HOW TO COMPLETE THIS TASK
Print each record that follows exactly, leaving the pictures behind.
+ + + +
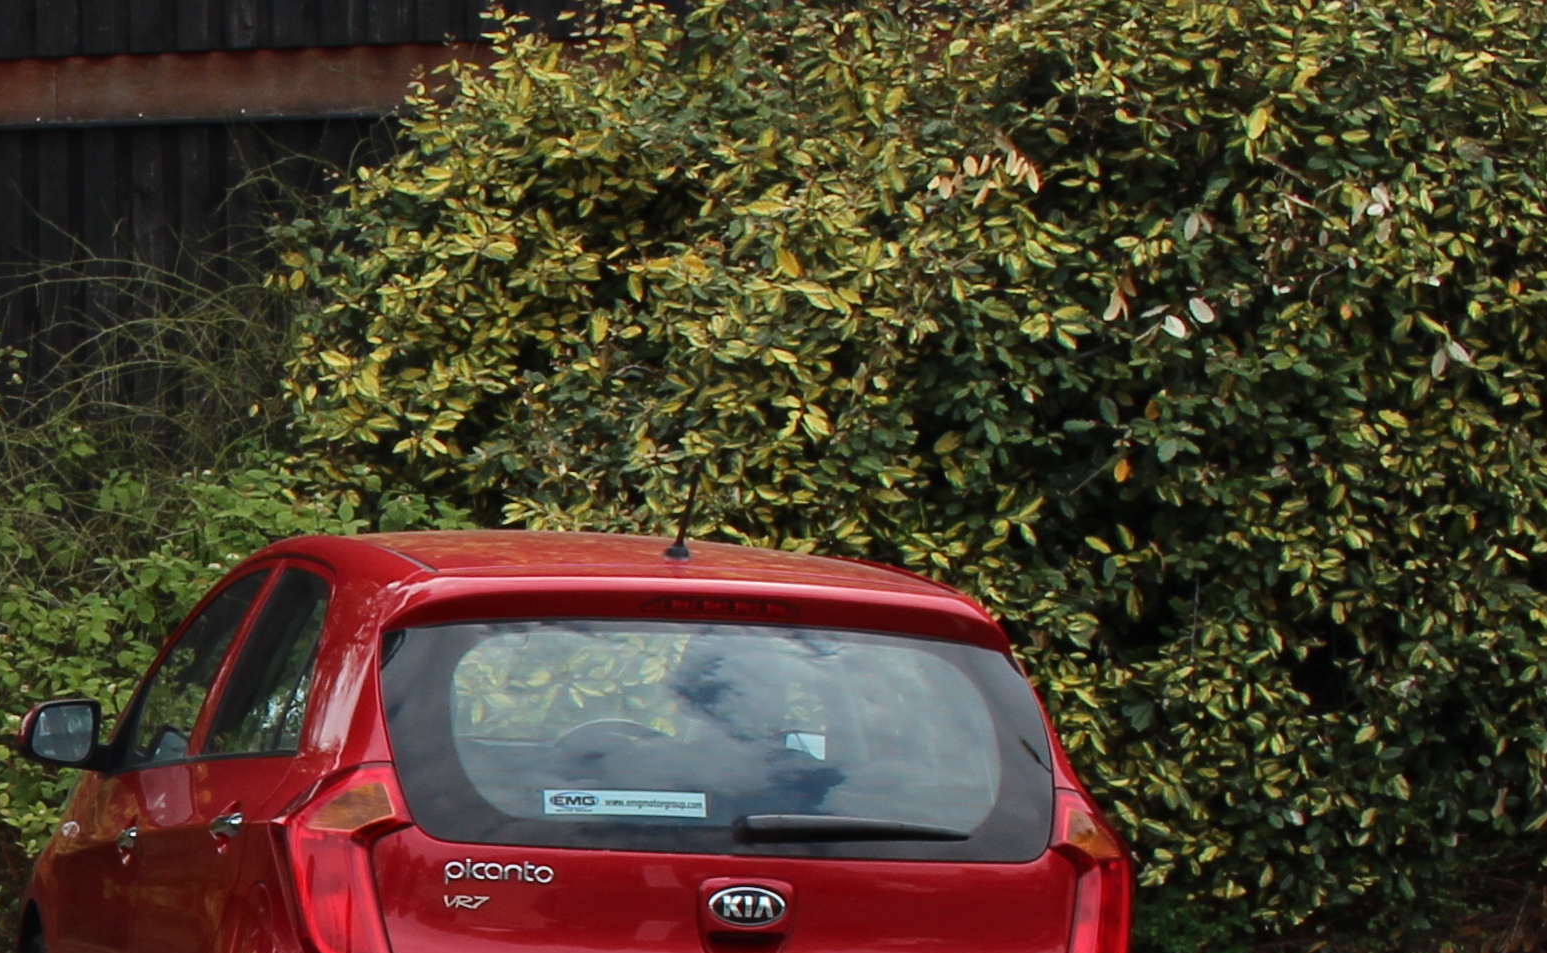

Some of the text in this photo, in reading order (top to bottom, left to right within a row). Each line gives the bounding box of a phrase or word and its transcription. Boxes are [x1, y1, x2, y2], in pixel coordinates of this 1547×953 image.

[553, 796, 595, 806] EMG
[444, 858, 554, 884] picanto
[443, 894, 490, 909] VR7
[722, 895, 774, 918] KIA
+ + + +
ANSWER SPACE
Some of the text in this photo, in reading order (top to bottom, left to right within a row). Each line gives the bounding box of a phrase or word and its transcription. Boxes are [x1, y1, x2, y2], in pixel coordinates of this 1547×953 image.

[553, 796, 595, 806] EMG
[444, 858, 554, 884] picanto
[443, 894, 490, 909] VR7
[722, 895, 774, 918] KIA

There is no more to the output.